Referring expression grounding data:

◇ ◇ ◇

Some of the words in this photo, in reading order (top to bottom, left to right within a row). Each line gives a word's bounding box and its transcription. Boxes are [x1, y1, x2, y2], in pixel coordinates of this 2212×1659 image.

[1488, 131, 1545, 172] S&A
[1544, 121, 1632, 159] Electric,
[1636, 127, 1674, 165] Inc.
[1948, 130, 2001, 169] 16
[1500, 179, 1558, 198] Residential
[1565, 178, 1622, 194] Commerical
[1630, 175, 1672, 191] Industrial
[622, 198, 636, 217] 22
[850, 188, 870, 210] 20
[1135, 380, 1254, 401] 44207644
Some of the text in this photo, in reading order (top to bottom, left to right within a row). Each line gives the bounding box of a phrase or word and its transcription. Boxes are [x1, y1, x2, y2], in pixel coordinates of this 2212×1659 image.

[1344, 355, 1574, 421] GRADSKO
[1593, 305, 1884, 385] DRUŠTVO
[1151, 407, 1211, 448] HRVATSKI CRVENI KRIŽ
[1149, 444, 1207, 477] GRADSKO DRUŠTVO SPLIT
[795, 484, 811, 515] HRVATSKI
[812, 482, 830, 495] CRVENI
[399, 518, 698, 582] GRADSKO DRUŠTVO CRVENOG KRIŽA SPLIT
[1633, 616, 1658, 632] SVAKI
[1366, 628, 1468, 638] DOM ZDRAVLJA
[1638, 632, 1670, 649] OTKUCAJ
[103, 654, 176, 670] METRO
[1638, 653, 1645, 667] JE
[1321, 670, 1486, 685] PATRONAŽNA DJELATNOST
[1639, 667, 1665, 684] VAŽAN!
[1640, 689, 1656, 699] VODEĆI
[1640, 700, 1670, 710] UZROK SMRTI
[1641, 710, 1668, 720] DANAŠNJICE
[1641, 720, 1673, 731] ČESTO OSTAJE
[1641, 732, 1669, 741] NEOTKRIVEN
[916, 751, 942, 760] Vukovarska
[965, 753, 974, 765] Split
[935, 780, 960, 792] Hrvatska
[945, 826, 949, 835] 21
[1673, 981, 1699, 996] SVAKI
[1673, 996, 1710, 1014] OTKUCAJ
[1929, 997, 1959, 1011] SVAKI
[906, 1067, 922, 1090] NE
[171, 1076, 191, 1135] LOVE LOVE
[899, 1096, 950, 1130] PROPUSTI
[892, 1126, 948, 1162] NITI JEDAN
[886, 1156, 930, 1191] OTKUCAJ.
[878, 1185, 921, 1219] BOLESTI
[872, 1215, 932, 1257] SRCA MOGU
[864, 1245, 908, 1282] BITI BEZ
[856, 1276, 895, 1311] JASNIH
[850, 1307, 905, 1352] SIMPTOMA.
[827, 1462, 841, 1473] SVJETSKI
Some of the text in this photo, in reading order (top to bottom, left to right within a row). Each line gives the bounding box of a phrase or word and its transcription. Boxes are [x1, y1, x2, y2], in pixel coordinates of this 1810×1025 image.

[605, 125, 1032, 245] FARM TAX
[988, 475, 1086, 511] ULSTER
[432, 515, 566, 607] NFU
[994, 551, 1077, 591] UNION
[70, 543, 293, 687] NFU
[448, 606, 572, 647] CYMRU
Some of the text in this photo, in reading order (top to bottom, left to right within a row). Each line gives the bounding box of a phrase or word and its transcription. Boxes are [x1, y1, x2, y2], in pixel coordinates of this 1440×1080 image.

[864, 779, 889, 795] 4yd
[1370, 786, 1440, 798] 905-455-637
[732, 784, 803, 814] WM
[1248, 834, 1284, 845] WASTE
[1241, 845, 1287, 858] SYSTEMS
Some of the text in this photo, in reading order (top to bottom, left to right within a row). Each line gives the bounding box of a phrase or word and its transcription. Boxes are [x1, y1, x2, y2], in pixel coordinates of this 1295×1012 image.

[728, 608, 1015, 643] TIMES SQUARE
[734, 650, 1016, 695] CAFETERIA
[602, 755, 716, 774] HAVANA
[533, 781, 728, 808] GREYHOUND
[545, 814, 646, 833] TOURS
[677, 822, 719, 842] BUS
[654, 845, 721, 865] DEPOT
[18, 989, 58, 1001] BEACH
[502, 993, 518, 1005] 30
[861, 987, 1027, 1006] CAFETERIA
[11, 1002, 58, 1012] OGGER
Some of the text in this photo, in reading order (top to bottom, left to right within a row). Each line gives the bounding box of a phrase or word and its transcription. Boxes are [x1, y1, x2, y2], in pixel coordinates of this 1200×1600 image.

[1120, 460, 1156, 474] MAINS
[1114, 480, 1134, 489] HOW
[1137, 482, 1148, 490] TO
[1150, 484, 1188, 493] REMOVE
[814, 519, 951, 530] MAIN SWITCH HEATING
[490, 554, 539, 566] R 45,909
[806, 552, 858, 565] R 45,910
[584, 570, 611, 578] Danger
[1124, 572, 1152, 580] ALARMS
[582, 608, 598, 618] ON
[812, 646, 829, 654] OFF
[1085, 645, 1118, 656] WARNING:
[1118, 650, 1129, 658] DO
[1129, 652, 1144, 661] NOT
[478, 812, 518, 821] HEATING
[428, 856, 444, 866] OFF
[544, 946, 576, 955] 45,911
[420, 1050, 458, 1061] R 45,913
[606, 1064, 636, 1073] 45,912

◇ ◇ ◇

WORK ORDER => Please return every line of the data, unaltered.

EXPECTED ANSWER =>
Some of the words in this photo, in reading order (top to bottom, left to right within a row). Each line gives a word's bounding box and its transcription. Boxes are [x1, y1, x2, y2], in pixel coordinates of this 2212×1659 image.

[1488, 131, 1545, 172] S&A
[1544, 121, 1632, 159] Electric,
[1636, 127, 1674, 165] Inc.
[1948, 130, 2001, 169] 16
[1500, 179, 1558, 198] Residential
[1565, 178, 1622, 194] Commerical
[1630, 175, 1672, 191] Industrial
[622, 198, 636, 217] 22
[850, 188, 870, 210] 20
[1135, 380, 1254, 401] 44207644
Some of the text in this photo, in reading order (top to bottom, left to right within a row). Each line gives the bounding box of a phrase or word and its transcription. Boxes are [x1, y1, x2, y2], in pixel coordinates of this 2212×1659 image.

[1344, 355, 1574, 421] GRADSKO
[1593, 305, 1884, 385] DRUŠTVO
[1151, 407, 1211, 448] HRVATSKI CRVENI KRIŽ
[1149, 444, 1207, 477] GRADSKO DRUŠTVO SPLIT
[795, 484, 811, 515] HRVATSKI
[812, 482, 830, 495] CRVENI
[399, 518, 698, 582] GRADSKO DRUŠTVO CRVENOG KRIŽA SPLIT
[1633, 616, 1658, 632] SVAKI
[1366, 628, 1468, 638] DOM ZDRAVLJA
[1638, 632, 1670, 649] OTKUCAJ
[103, 654, 176, 670] METRO
[1638, 653, 1645, 667] JE
[1321, 670, 1486, 685] PATRONAŽNA DJELATNOST
[1639, 667, 1665, 684] VAŽAN!
[1640, 689, 1656, 699] VODEĆI
[1640, 700, 1670, 710] UZROK SMRTI
[1641, 710, 1668, 720] DANAŠNJICE
[1641, 720, 1673, 731] ČESTO OSTAJE
[1641, 732, 1669, 741] NEOTKRIVEN
[916, 751, 942, 760] Vukovarska
[965, 753, 974, 765] Split
[935, 780, 960, 792] Hrvatska
[945, 826, 949, 835] 21
[1673, 981, 1699, 996] SVAKI
[1673, 996, 1710, 1014] OTKUCAJ
[1929, 997, 1959, 1011] SVAKI
[906, 1067, 922, 1090] NE
[171, 1076, 191, 1135] LOVE LOVE
[899, 1096, 950, 1130] PROPUSTI
[892, 1126, 948, 1162] NITI JEDAN
[886, 1156, 930, 1191] OTKUCAJ.
[878, 1185, 921, 1219] BOLESTI
[872, 1215, 932, 1257] SRCA MOGU
[864, 1245, 908, 1282] BITI BEZ
[856, 1276, 895, 1311] JASNIH
[850, 1307, 905, 1352] SIMPTOMA.
[827, 1462, 841, 1473] SVJETSKI
Some of the text in this photo, in reading order (top to bottom, left to right within a row). Each line gives the bounding box of a phrase or word and its transcription. Boxes are [x1, y1, x2, y2], in pixel coordinates of this 1810×1025 image.

[605, 125, 1032, 245] FARM TAX
[988, 475, 1086, 511] ULSTER
[432, 515, 566, 607] NFU
[994, 551, 1077, 591] UNION
[70, 543, 293, 687] NFU
[448, 606, 572, 647] CYMRU
Some of the text in this photo, in reading order (top to bottom, left to right within a row). Each line gives the bounding box of a phrase or word and its transcription. Boxes are [x1, y1, x2, y2], in pixel coordinates of this 1440×1080 image.

[864, 779, 889, 795] 4yd
[1370, 786, 1440, 798] 905-455-637
[732, 784, 803, 814] WM
[1248, 834, 1284, 845] WASTE
[1241, 845, 1287, 858] SYSTEMS
Some of the text in this photo, in reading order (top to bottom, left to right within a row). Each line gives the bounding box of a phrase or word and its transcription. Boxes are [x1, y1, x2, y2], in pixel coordinates of this 1295×1012 image.

[728, 608, 1015, 643] TIMES SQUARE
[734, 650, 1016, 695] CAFETERIA
[602, 755, 716, 774] HAVANA
[533, 781, 728, 808] GREYHOUND
[545, 814, 646, 833] TOURS
[677, 822, 719, 842] BUS
[654, 845, 721, 865] DEPOT
[18, 989, 58, 1001] BEACH
[502, 993, 518, 1005] 30
[861, 987, 1027, 1006] CAFETERIA
[11, 1002, 58, 1012] OGGER
Some of the text in this photo, in reading order (top to bottom, left to right within a row). Each line gives the bounding box of a phrase or word and its transcription. Boxes are [x1, y1, x2, y2], in pixel coordinates of this 1200×1600 image.

[1120, 460, 1156, 474] MAINS
[1114, 480, 1134, 489] HOW
[1137, 482, 1148, 490] TO
[1150, 484, 1188, 493] REMOVE
[814, 519, 951, 530] MAIN SWITCH HEATING
[490, 554, 539, 566] R 45,909
[806, 552, 858, 565] R 45,910
[584, 570, 611, 578] Danger
[1124, 572, 1152, 580] ALARMS
[582, 608, 598, 618] ON
[812, 646, 829, 654] OFF
[1085, 645, 1118, 656] WARNING:
[1118, 650, 1129, 658] DO
[1129, 652, 1144, 661] NOT
[478, 812, 518, 821] HEATING
[428, 856, 444, 866] OFF
[544, 946, 576, 955] 45,911
[420, 1050, 458, 1061] R 45,913
[606, 1064, 636, 1073] 45,912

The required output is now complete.